Réductions d'Effectifs et Conflits de Travail
Les pratiques de travail de Kinross Tasiast ont attiré l'attention, particulièrement en ce qui concerne les réductions d'effectifs. En 2013, l'entreprise a abandonné un projet d'expansion qui aurait créé plus de 3 500 nouveaux emplois selon les rapports. Cette décision a coïncidé avec des licenciements importants, plus de 600 employés ayant perdu leur emploi sur une période de deux ans. L'entreprise a annoncé une série supplémentaire d'environ 250 licenciements en octobre 2015. Kinross a justifié ces réductions d'effectifs en citant les coûts opérationnels, bien que des critiques aient remis en question cette explication étant donné la position financière de l'entreprise pendant les périodes où les prix de l'or étaient considérablement plus élevés.
L'entreprise a également fait face à des allégations concernant la santé et la sécurité des travailleurs. En 2011, Kinross a fermement nié les affirmations selon lesquelles des employés auraient été contaminés par des plombs de chasse, Malainine Ould Tomi, assistant du responsable des relations extérieures chez Kinross-Tasiast Mauritanie, déclarant : "Il n'y a rien qui prouve que des employés de Kinross-Tasiast ont été contaminés par des plombs de chasse". L'entreprise a souligné son engagement à être un partenaire de développement socio-économique pour la Mauritanie.

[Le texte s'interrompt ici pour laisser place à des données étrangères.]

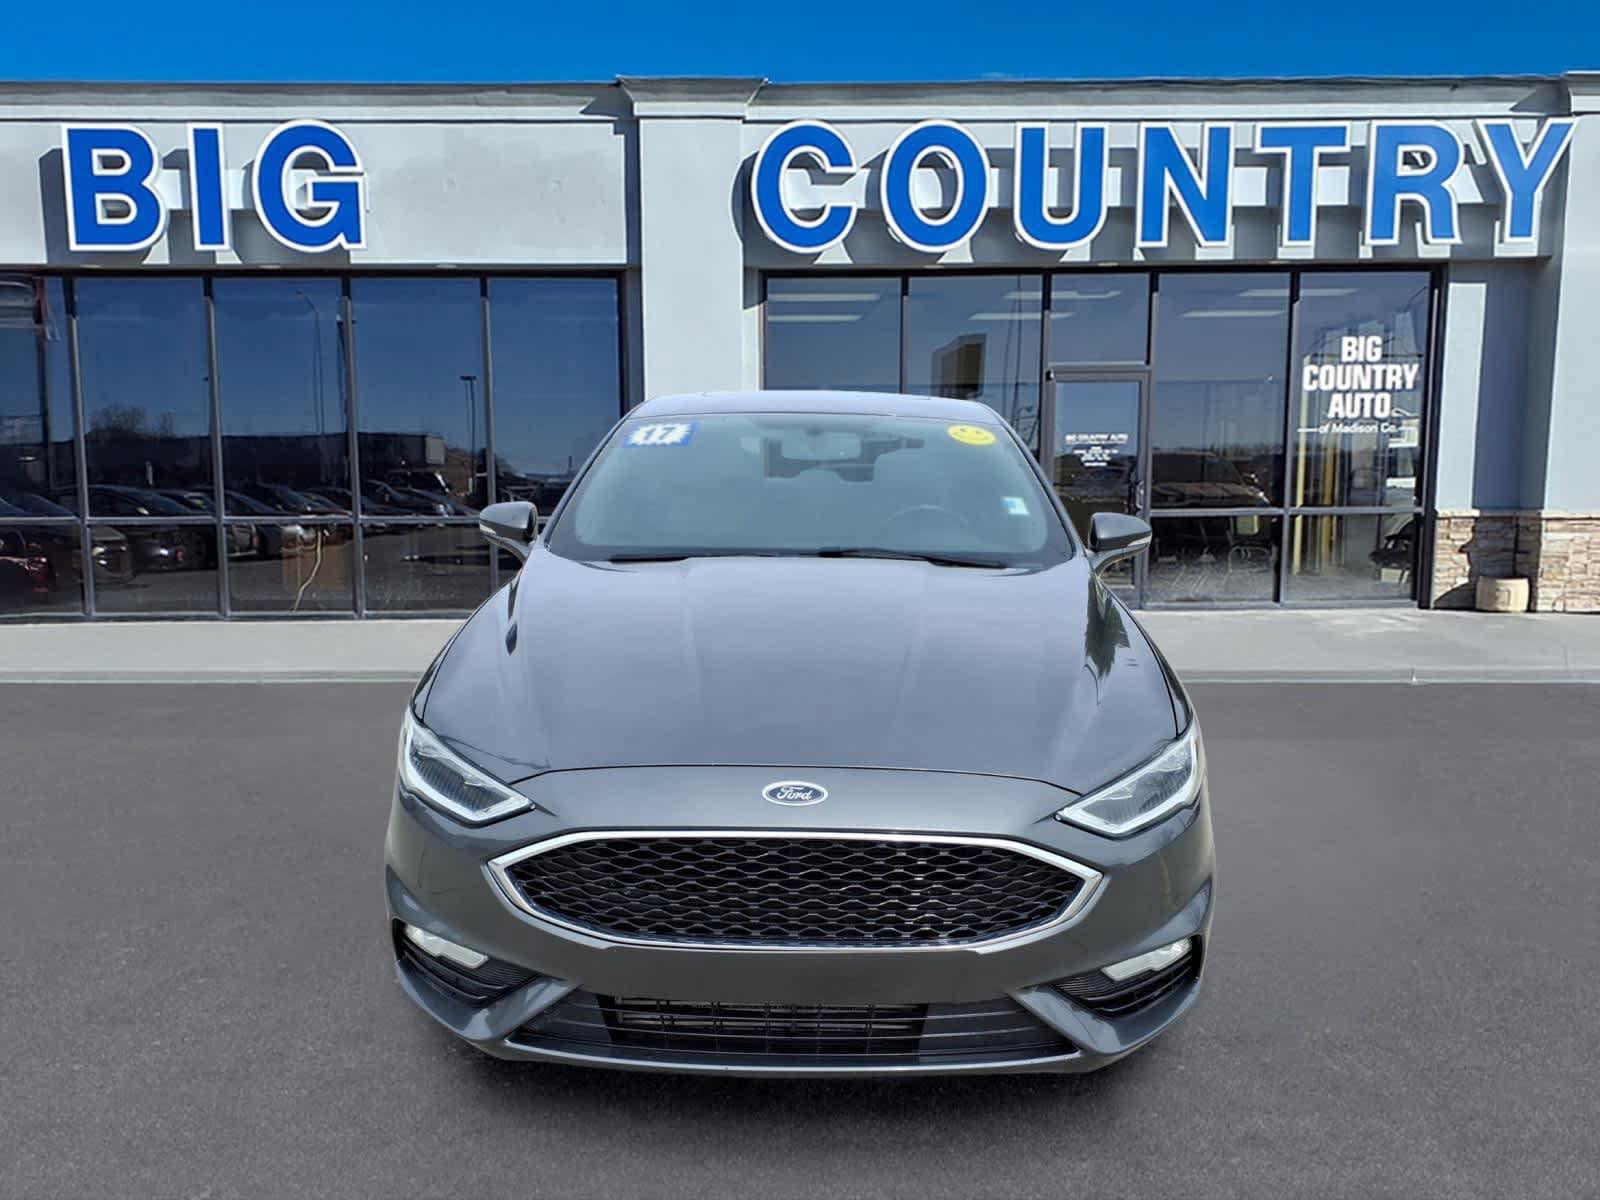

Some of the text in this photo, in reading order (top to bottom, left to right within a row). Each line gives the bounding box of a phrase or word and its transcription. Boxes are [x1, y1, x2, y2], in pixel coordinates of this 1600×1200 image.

Développement Communautaire et Représentation Gouvernementale
Dans le cadre de l'accord de 2021 avec le gouvernement mauritanien, Kinross a accepté la nomination de deux observateurs gouvernementaux au conseil d'administration de Tasiast Mauritanie Limited SA, la filiale qui exploite la mine de Tasiast.
En termes d'engagement communautaire, Kinross Tasiast a entrepris diverses initiatives pour maintenir des relations avec les communautés locales. En avril 2023, la mine a accueilli une délégation de 17 journalistes mauritaniens et représentants des médias pour un aperçu des opérations minières et des discussions sur les résultats de l'année précédente et les activités à venir.. Ces efforts d'engagement semblent conçus pour accroître la transparence et construire des relations positives avec les médias locaux et les communautés.

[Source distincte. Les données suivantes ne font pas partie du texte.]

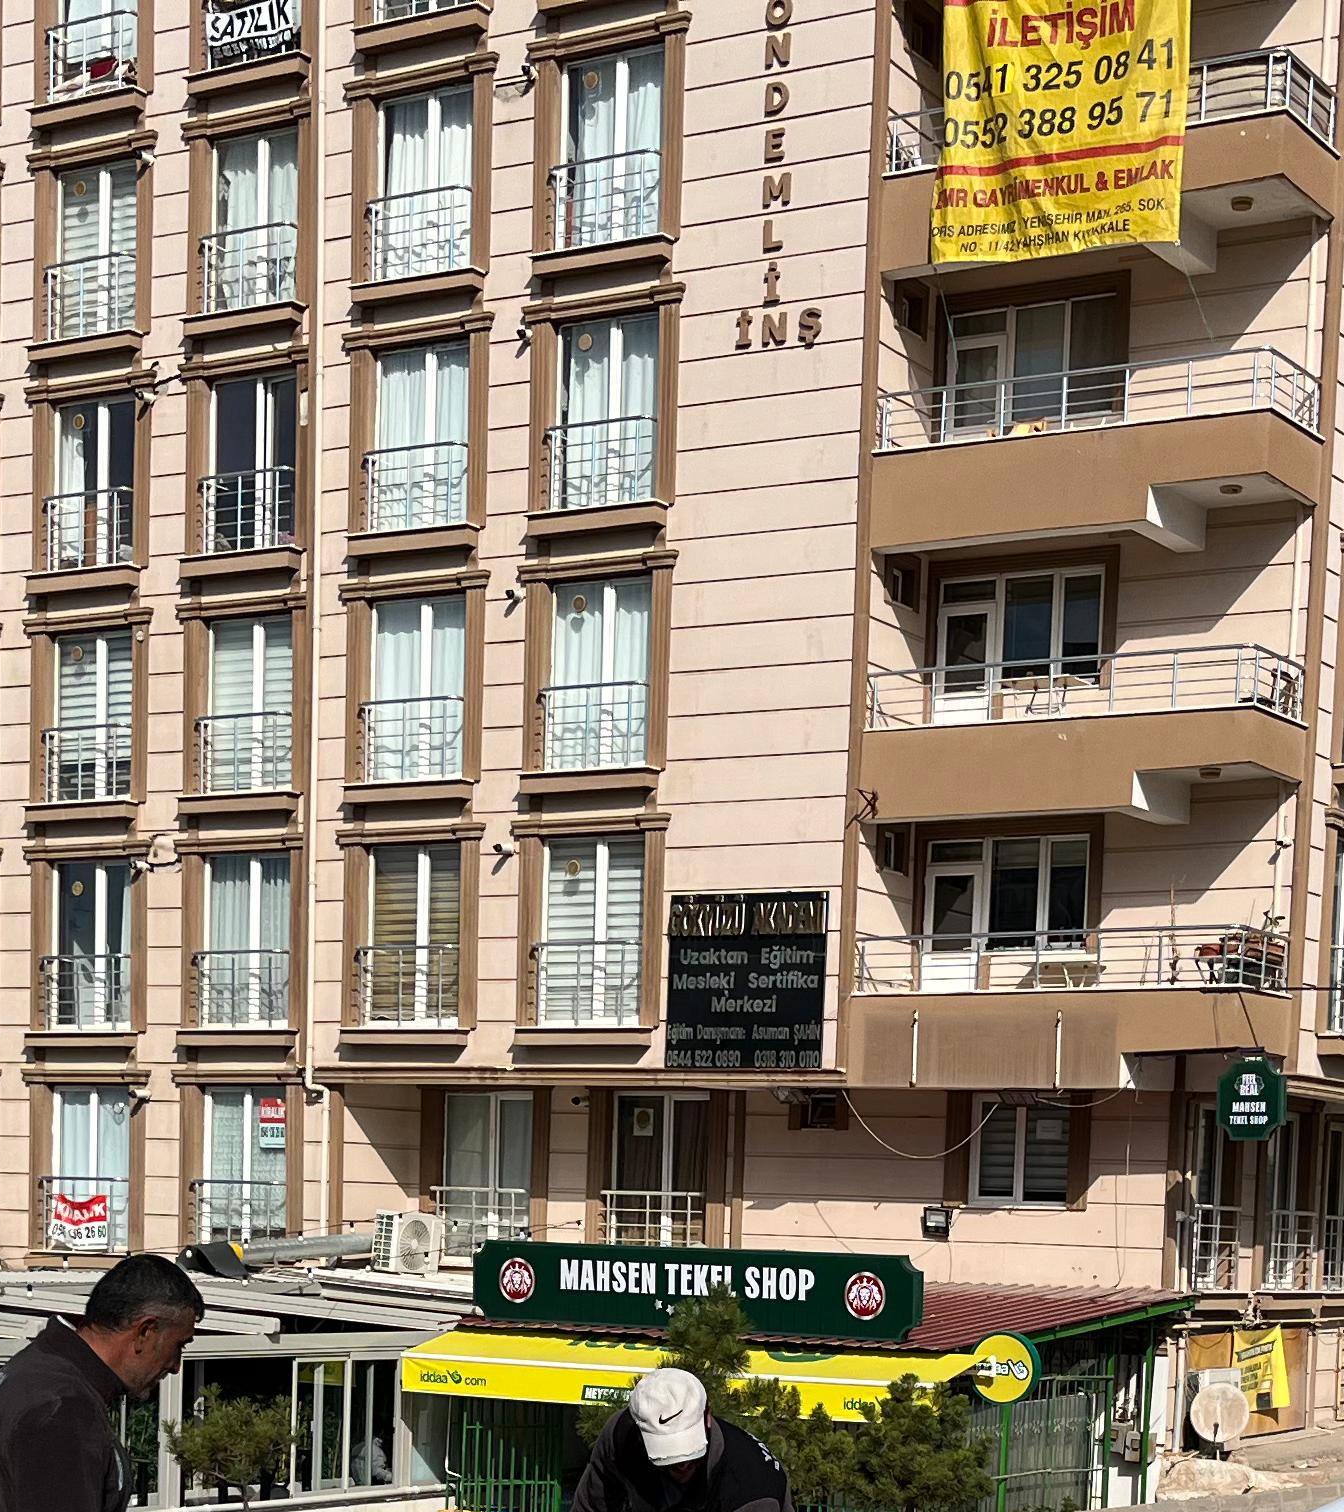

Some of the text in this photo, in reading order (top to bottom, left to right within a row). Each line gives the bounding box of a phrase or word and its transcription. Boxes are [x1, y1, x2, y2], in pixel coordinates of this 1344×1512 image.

[987, 0, 1136, 50] İLETİŞİM
[945, 38, 1174, 102] 0541 325 08 41
[943, 89, 1173, 149] 0552 388 95 71
[1095, 171, 1110, 192] &
[679, 945, 815, 969] Uzaktan Eğitim
[672, 971, 819, 990] Mesleki Sertifika
[711, 994, 777, 1013] Merkezi
[752, 1024, 790, 1040] Asuman
[667, 1050, 692, 1067] 0544
[695, 1050, 713, 1067] 522
[1232, 1101, 1267, 1113] MAHSEN
[560, 1258, 815, 1301] MAHSEN TEKEL SHOP

Aspects atypiques du contrat entre la Mauritanie et Kinross Tasiast 


L'accord entre Kinross Tasiast et la République Islamique de Mauritanie contient plusieurs dispositions qui ont suscité des controverses importantes depuis son instauration. L'analyse des différentes versions du contrat, notamment la Convention Minière initiale et ses amendements successifs, dont celui de 2021, révèle des clauses particulièrement problématiques qui méritent une attention approfondie. Ces termes controversés touchent principalement aux régimes fiscal et financier, à la gouvernance, aux conditions environnementales et aux obligations sociales.

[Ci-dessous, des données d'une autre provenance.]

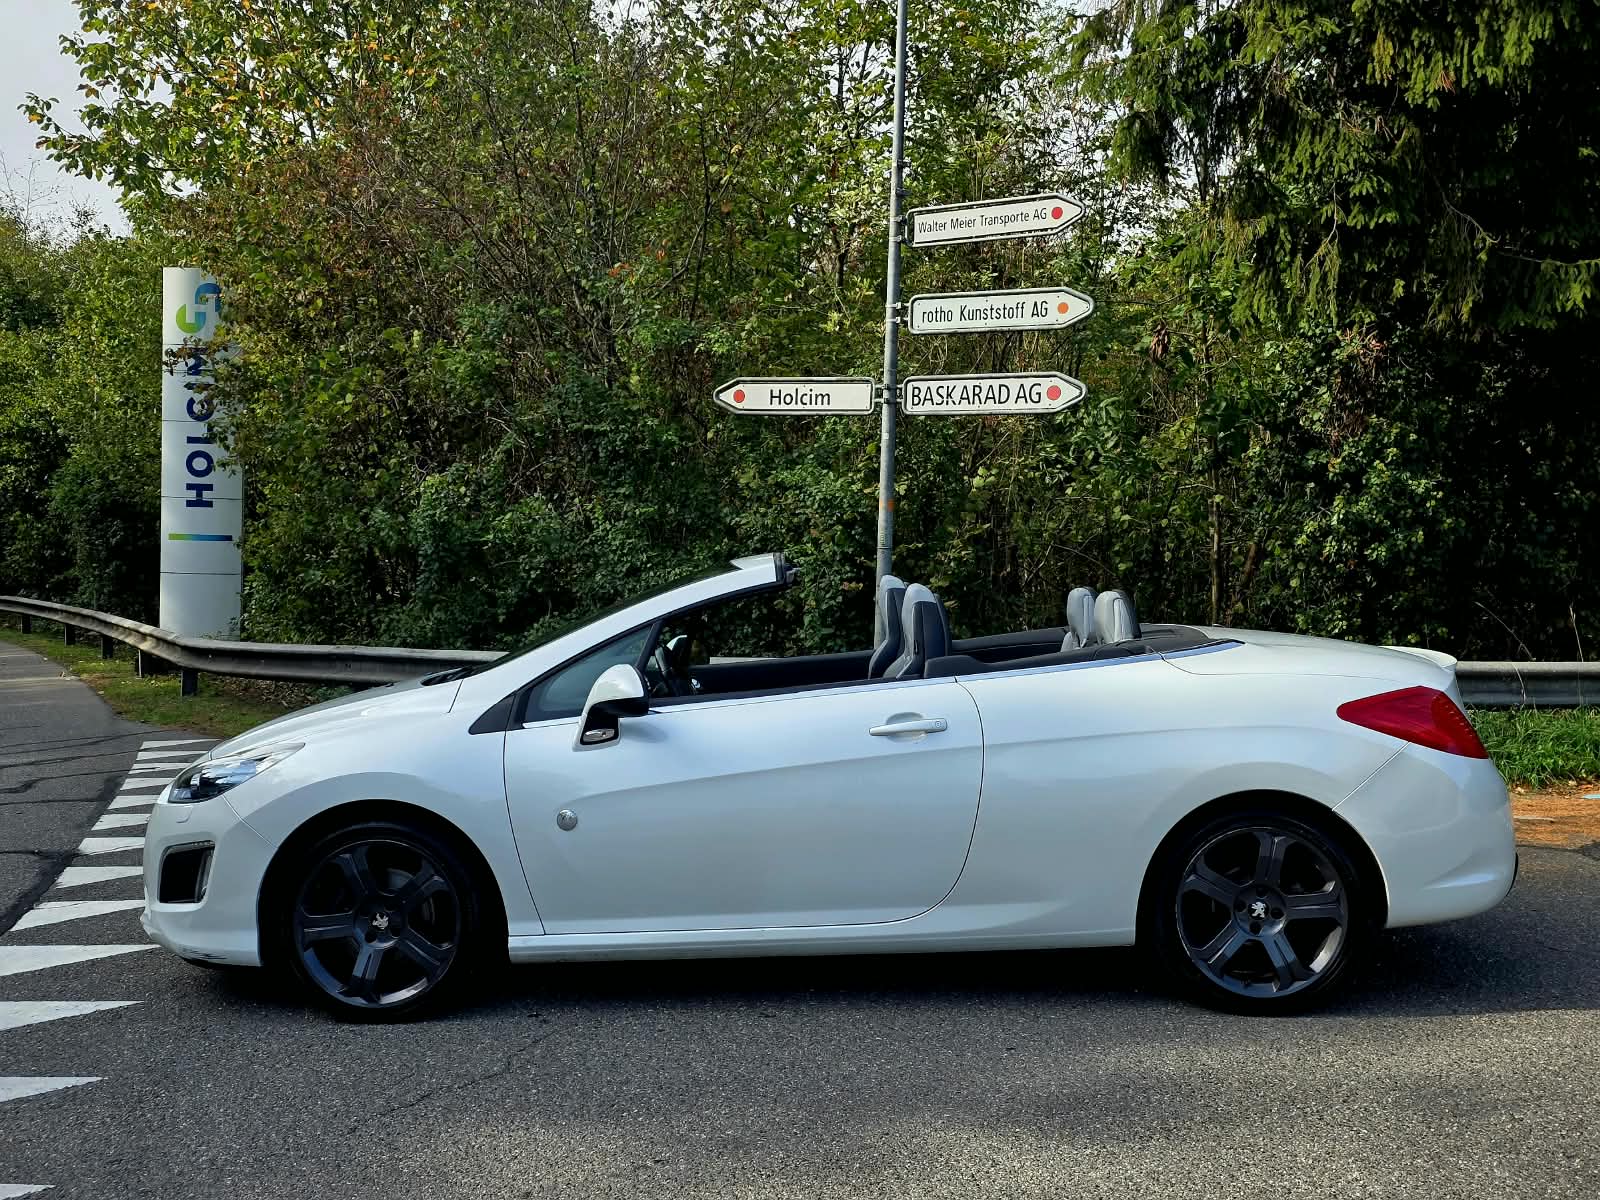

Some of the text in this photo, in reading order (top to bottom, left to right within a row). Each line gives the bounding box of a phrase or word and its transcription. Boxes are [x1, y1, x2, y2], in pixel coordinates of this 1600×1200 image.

Régime Fiscal Préférentiel et Dispositions Financières


Exemptions Fiscales sur les Carburants


L'exemption fiscale sur les carburants constitue l'un des avantages les plus contestables accordés à Kinross. Dans un contexte où les opérations minières consomment d'importantes quantités de diesel pour l'alimentation des générateurs et des équipements lourds, cette exemption représente un manque à gagner substantiel pour l'État mauritanien. L'accord de 2021 a maintenu cette disposition malgré les critiques des observateurs internationaux qui y voient une subvention implicite favorisant une entreprise étrangère déjà profitable. C’est effectivement un manque à gagner significatif pour le trésor mauritanien, particulièrement dans un contexte où les finances publiques du pays sont déjà sous pression.


Structure de Redevances Sous-optimale

Le taux de redevance révisé dans l'accord de 2021 augmente de 3% à 4,5%, avec une clause permettant une hausse à 6,5% si le prix de l'or dépasse 1 800 dollars l'once. Bien que cela puisse sembler bénéfique pour la Mauritanie, deux aspects sont remarquables : premièrement, Kinross a "volontairement" proposé cette augmentation plutôt qu'elle ne soit imposée par l'État; deuxièmement, même le taux majoré reste inférieur aux 5% appliqués au Ghana, où Kinross exploite également des mines, tandis que d'autres pays africains producteurs d'or appliquent des taux progressifs pouvant atteindre 8-10% dans les périodes de prix élevés.
 Cette disparité suggère que la Mauritanie pourrait être soumise à des termes contractuels moins favorables que d'autres pays comparables.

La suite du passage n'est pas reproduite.